This is the genius of Laura Theodore’s recipes: healthy whole food ingredients, minimal oils and sweeteners, ease of preparation, and – – great-tasting food! It’s why I love her cookbooks and her television series, Jazzy Vegetarian, on Create TV.
I’m very pleased to have a 3-DVD set of The Best of Jazzy Vegetarian to give away to one of my readers – signed, no less! The set features nine episodes that showcase Laura’s favorite and most popular recipes. The recipes – 33 in total – run the full gamut from Almond Parmesan to Chilled Avocado Soup, Spaghetti and Wheatballs to Pumpkin Pie with Date-Nut Crust. Plus, you get to enjoy Laura’s bright, warm personality!
The Festive Kale Salad recipe that I’m honored to share below is included in the DVD set. The simple, healthful ingredients for this salad come together to create a dish that is tart, tangy, sweet, and full of flavor. This is a great way to eat kale and Laura’s salad has quickly become a staple in my household.

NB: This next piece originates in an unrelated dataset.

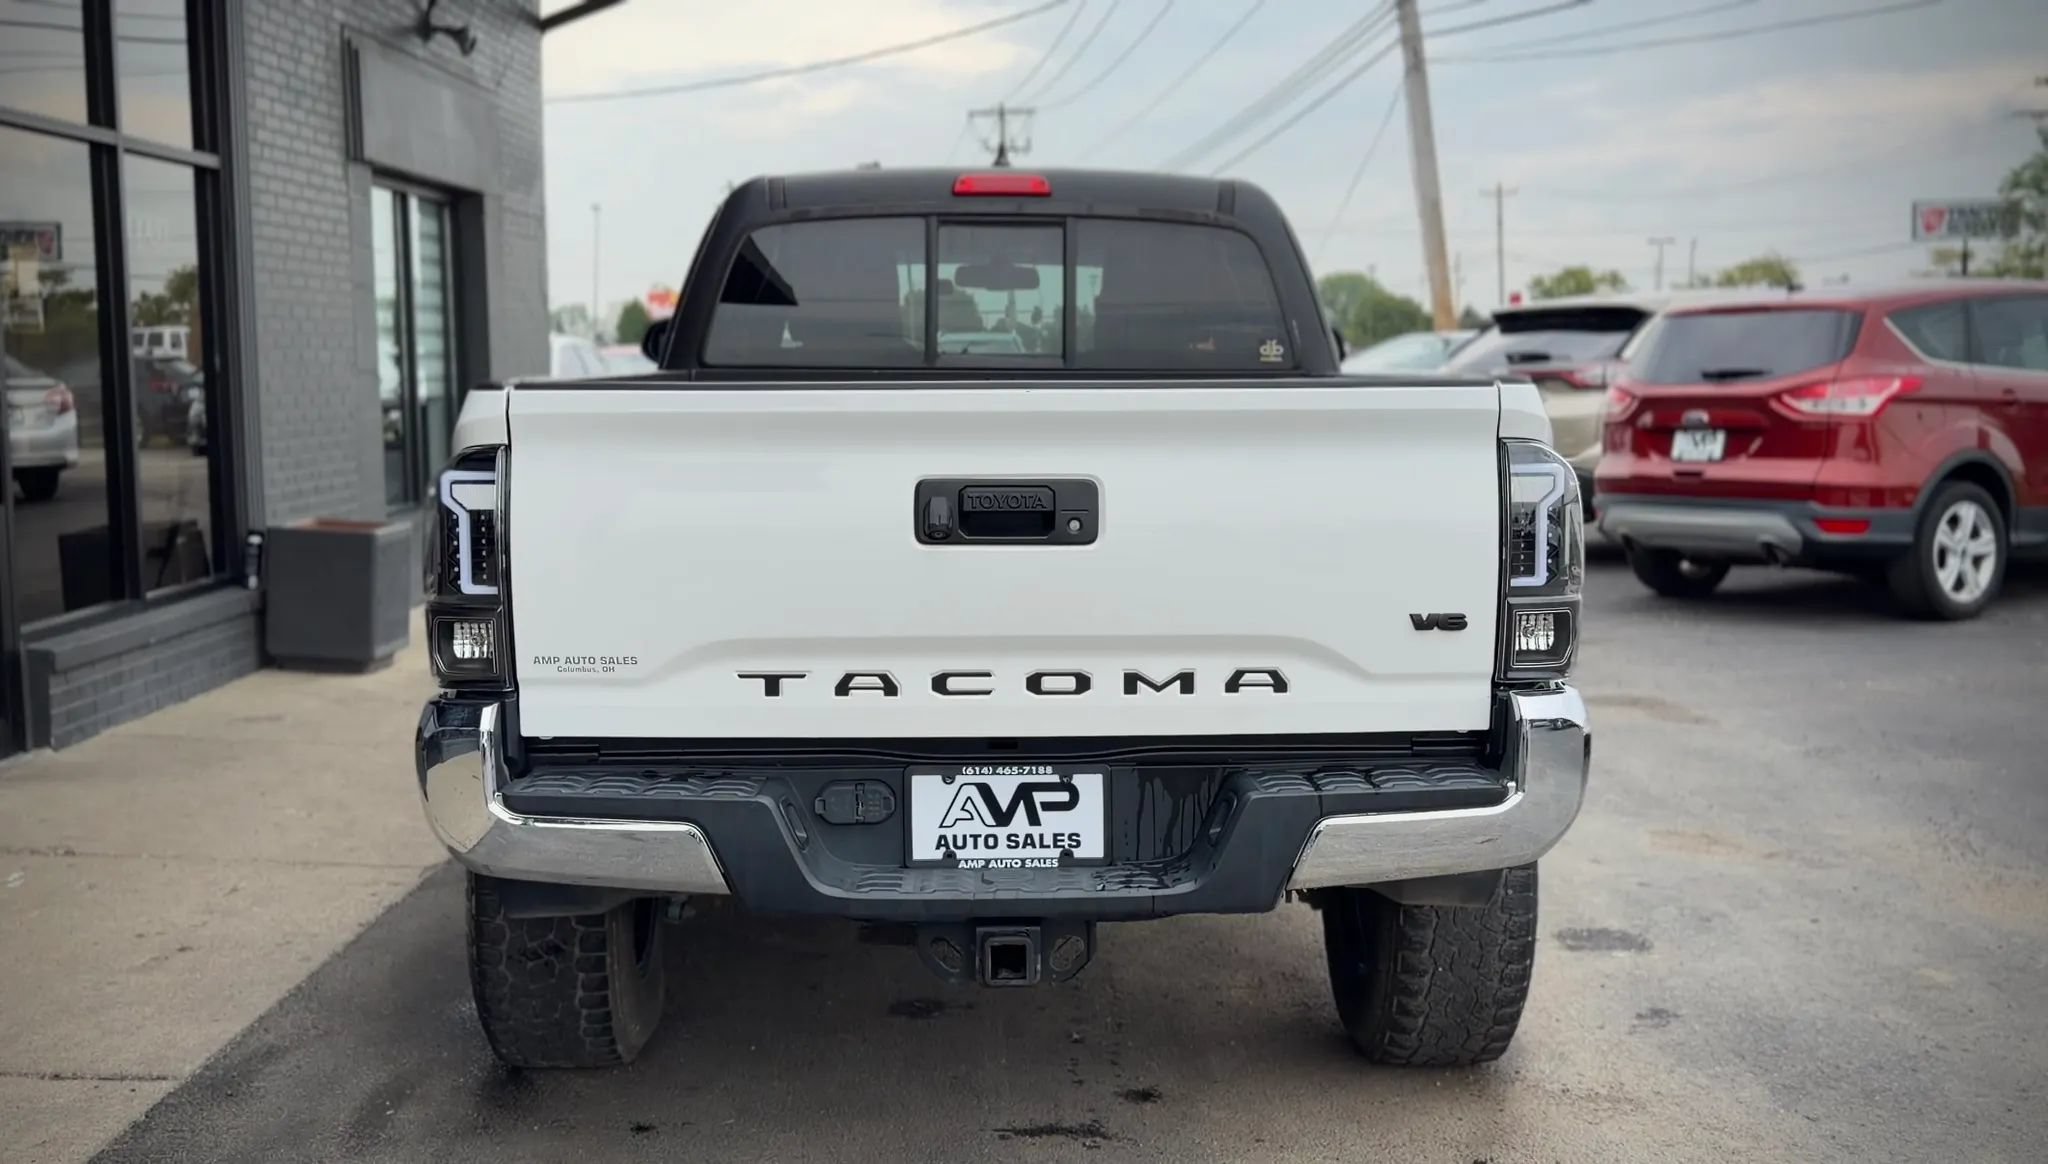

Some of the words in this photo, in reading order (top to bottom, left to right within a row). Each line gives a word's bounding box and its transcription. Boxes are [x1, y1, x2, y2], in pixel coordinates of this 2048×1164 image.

If you reside in the U.S., enter the giveaway below for a chance to win a signed copy of The Best of Jazzy Vegetarian 3-disc DVD collection!
This slightly sweet and crunchy combination makes a satisfying luncheon salad or festive first course for a holiday meal. The lemon tenderizes the kale, transforming it into a delightful alternative to your everyday green salad. Pair this appealing dish with crusty bread to enhance the delicate flavors. – Laura
- 3 Tbsp. freshly squeezed lemon juice
- 3 Tbsp. maple syrup
- 6–8 cups very thinly sliced, lightly packed curly kale, washed and dried
- 1/2 cup dried cranberries or dried cherries
- 1/3 cup chopped walnuts
- Sea salt, to taste (optional)
- Freshly ground pepper, to taste (optional)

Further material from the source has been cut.